- Activity -
The data must be given again exactly as written, with all images omitted.

- Records provided -

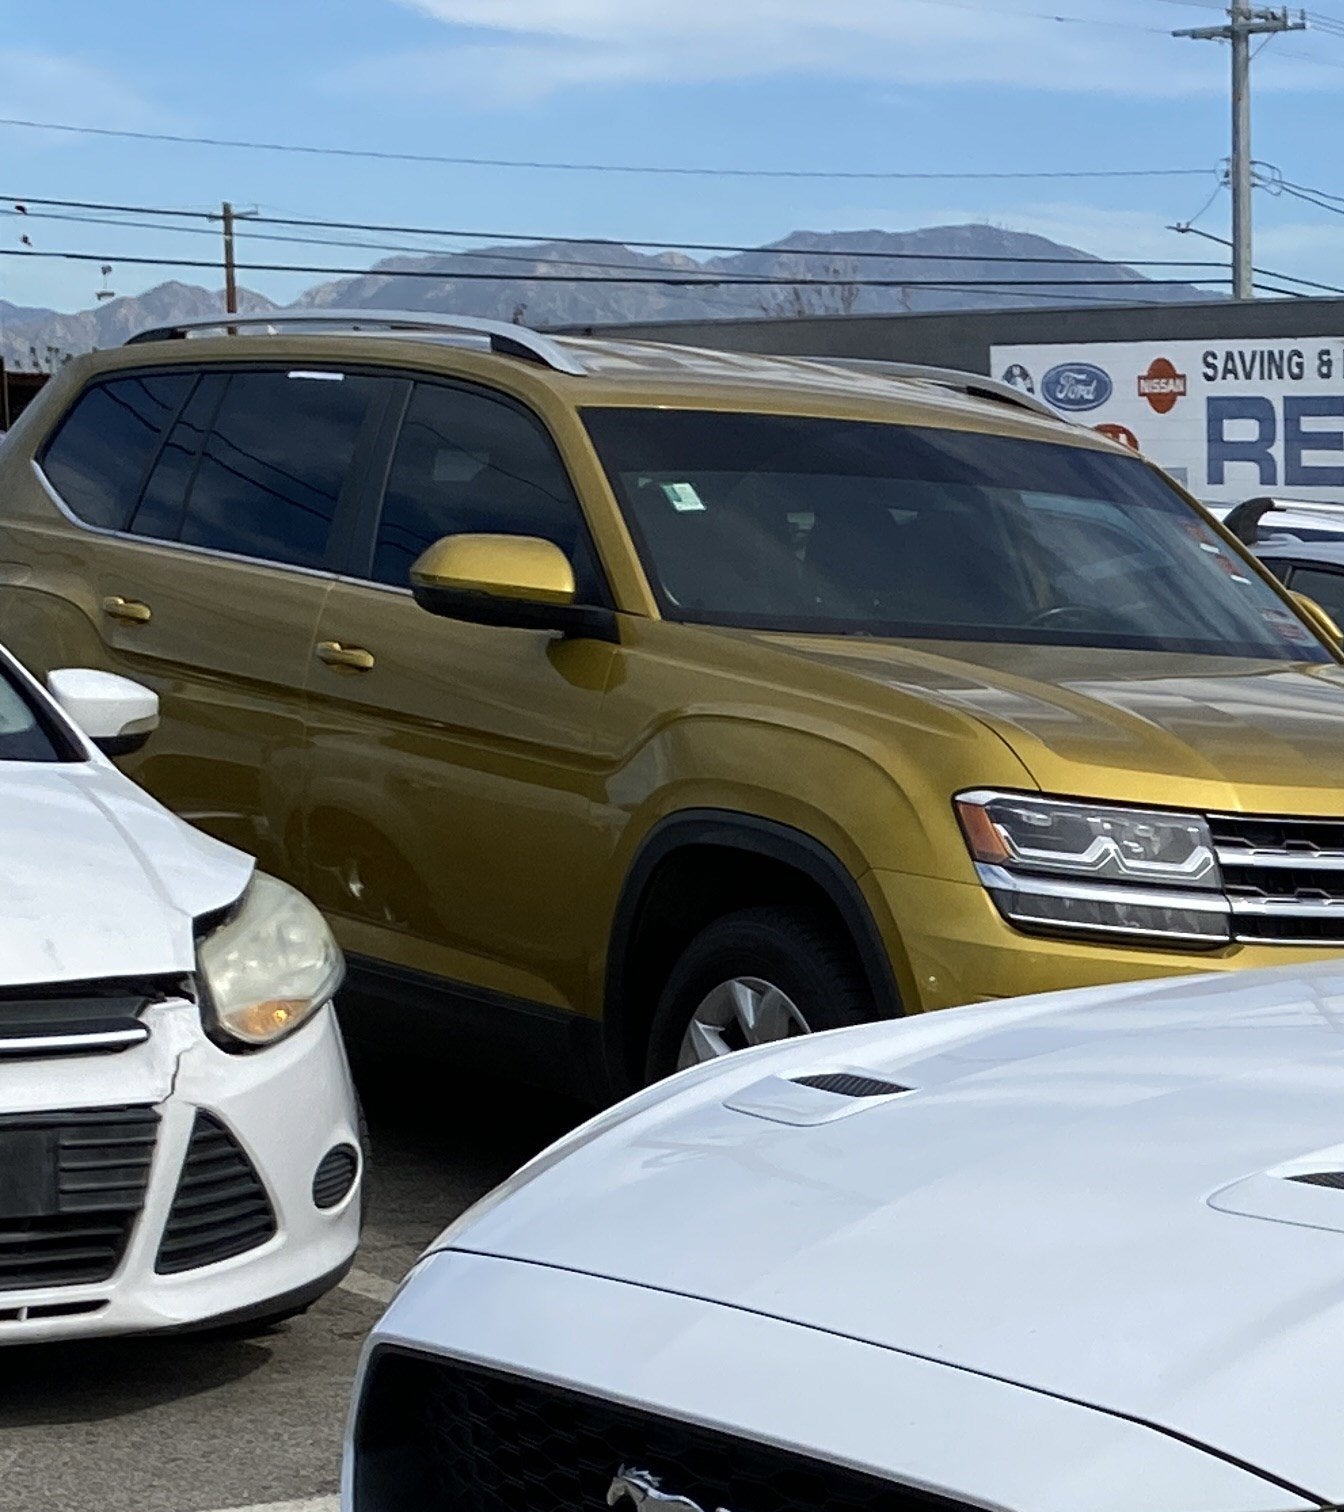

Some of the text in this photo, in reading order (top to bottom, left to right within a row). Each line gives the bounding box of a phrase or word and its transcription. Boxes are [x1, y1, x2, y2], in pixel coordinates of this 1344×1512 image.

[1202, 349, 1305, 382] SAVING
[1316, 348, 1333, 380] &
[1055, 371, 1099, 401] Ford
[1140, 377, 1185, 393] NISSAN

- Problem solution -
Some of the text in this photo, in reading order (top to bottom, left to right within a row). Each line gives the bounding box of a phrase or word and its transcription. Boxes are [x1, y1, x2, y2], in pixel coordinates of this 1344×1512 image.

[1202, 349, 1305, 382] SAVING
[1316, 348, 1333, 380] &
[1055, 371, 1099, 401] Ford
[1140, 377, 1185, 393] NISSAN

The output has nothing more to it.